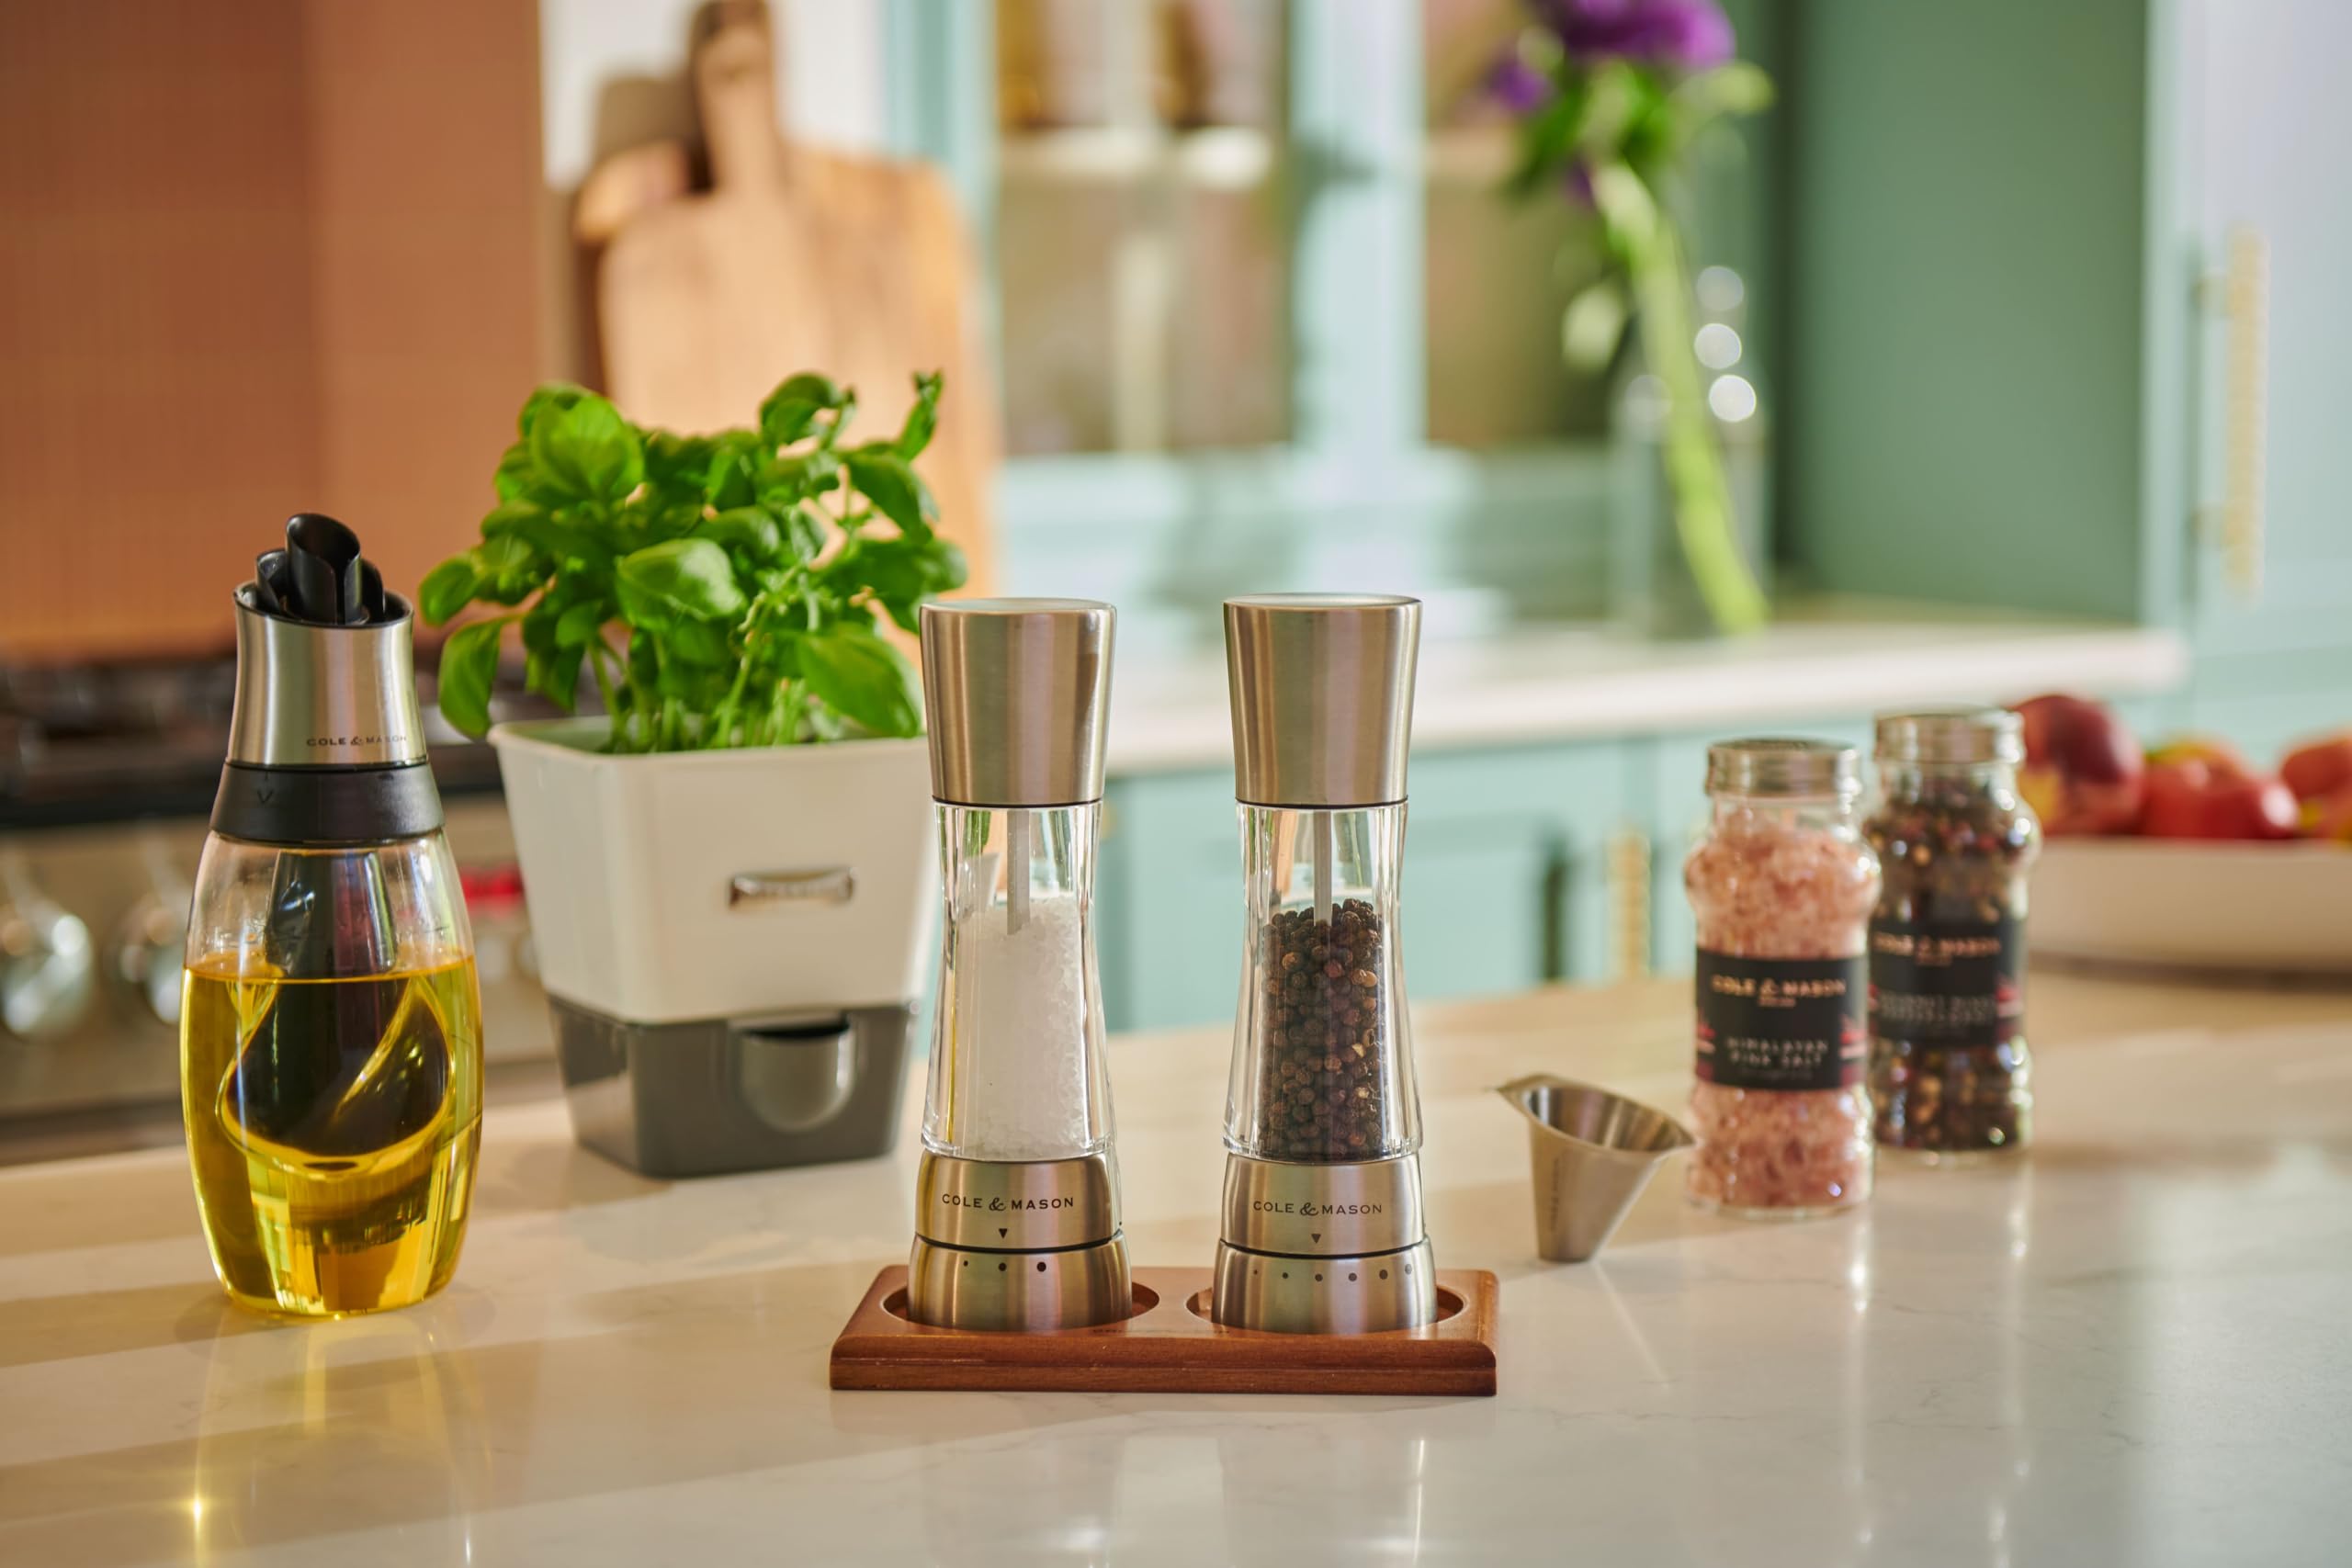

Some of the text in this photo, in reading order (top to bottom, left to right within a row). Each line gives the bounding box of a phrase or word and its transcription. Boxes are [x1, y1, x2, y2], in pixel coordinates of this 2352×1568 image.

[306, 735, 407, 747] COLE & MASON
[1711, 975, 1756, 997] COLE
[1782, 978, 1847, 998] MASON
[1727, 1037, 1828, 1055] HIMALAYAN
[1781, 1053, 1822, 1067] SALT
[942, 1193, 1074, 1212] COLE & MASON
[1253, 1201, 1382, 1217] COLE & MASON
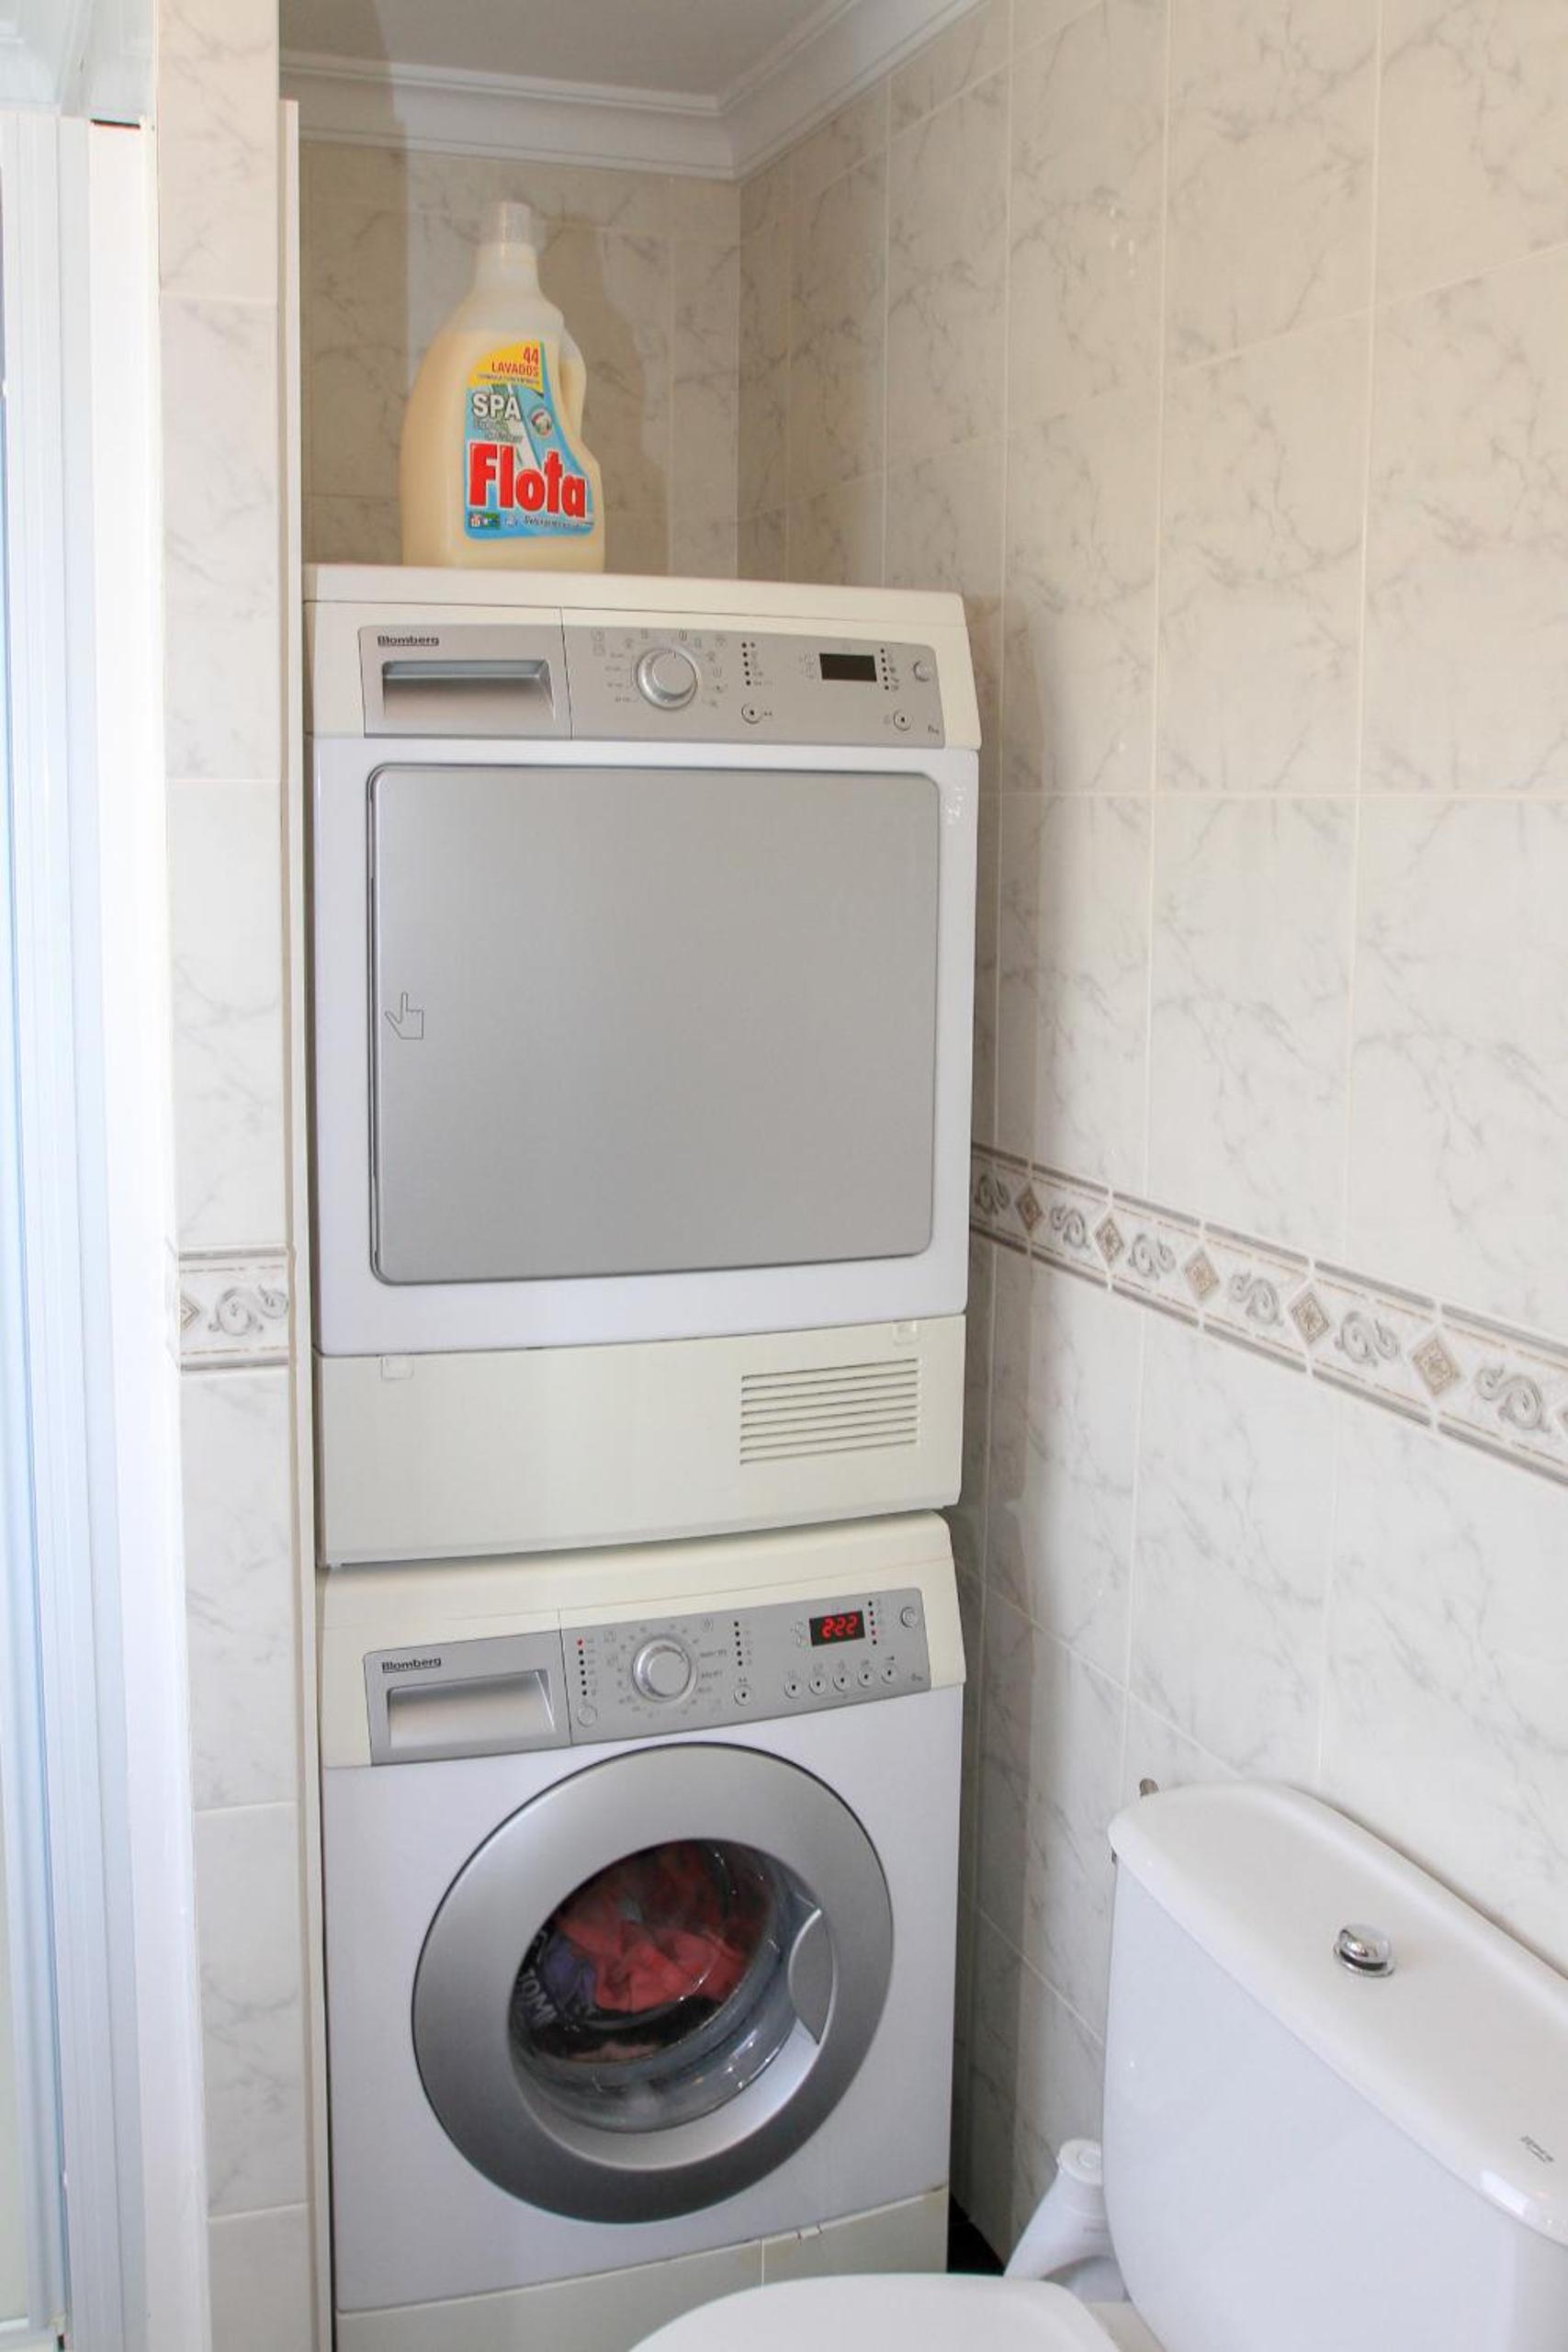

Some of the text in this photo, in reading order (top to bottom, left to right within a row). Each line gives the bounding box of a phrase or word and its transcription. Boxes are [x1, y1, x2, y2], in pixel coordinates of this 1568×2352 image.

[524, 346, 539, 365] 44
[491, 361, 538, 377] LAVADOS
[471, 392, 522, 421] SPA
[469, 443, 585, 518] Flota
[378, 632, 440, 647] Blomberg
[382, 1657, 442, 1673] Blomberg
■ ■ ■ ■
ACTIVITY:
Each line from the one that holds "this 1568×2352 image." to the end of the records above should be transcribed exactly, both ends included.

COMPLETED TASK:
Some of the text in this photo, in reading order (top to bottom, left to right within a row). Each line gives the bounding box of a phrase or word and its transcription. Boxes are [x1, y1, x2, y2], in pixel coordinates of this 1568×2352 image.

[524, 346, 539, 365] 44
[491, 361, 538, 377] LAVADOS
[471, 392, 522, 421] SPA
[469, 443, 585, 518] Flota
[378, 632, 440, 647] Blomberg
[382, 1657, 442, 1673] Blomberg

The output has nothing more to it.